Exercise prompt:
An exact copy of the entries, with every picture omitted, is what is needed here.

Task inputs:
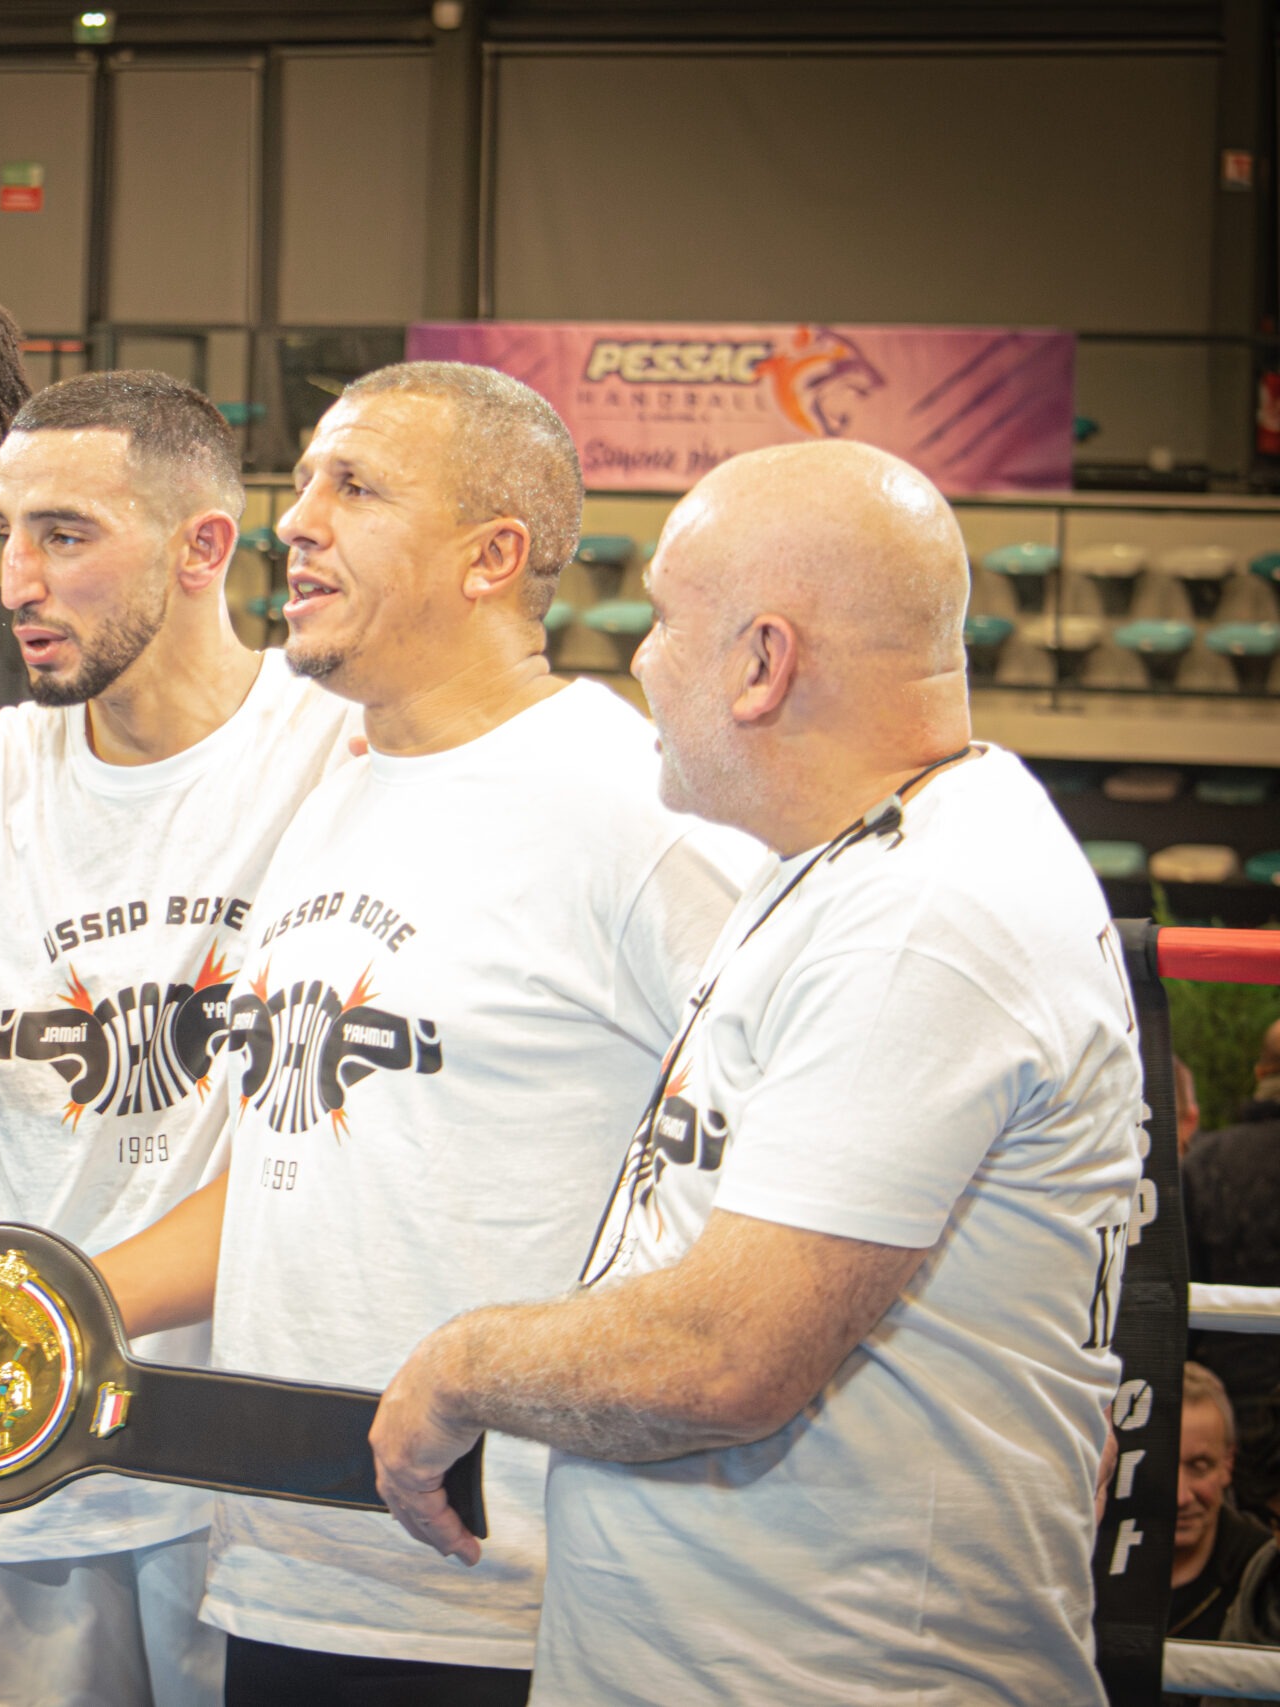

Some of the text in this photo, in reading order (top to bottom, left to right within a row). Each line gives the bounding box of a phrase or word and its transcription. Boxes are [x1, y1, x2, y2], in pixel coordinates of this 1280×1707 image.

[582, 339, 772, 385] PESSAC
[43, 901, 149, 963] USSAP
[260, 891, 417, 954] USSAP BOXE
[39, 1022, 88, 1042] JAMAÏ
[119, 1134, 169, 1165] 1999

Solution for this exercise:
Some of the text in this photo, in reading order (top to bottom, left to right within a row). Each line gives the bounding box of a phrase or word and its transcription. Boxes are [x1, y1, x2, y2], in pixel coordinates of this 1280×1707 image.

[582, 339, 772, 385] PESSAC
[43, 901, 149, 963] USSAP
[260, 891, 417, 954] USSAP BOXE
[39, 1022, 88, 1042] JAMAÏ
[119, 1134, 169, 1165] 1999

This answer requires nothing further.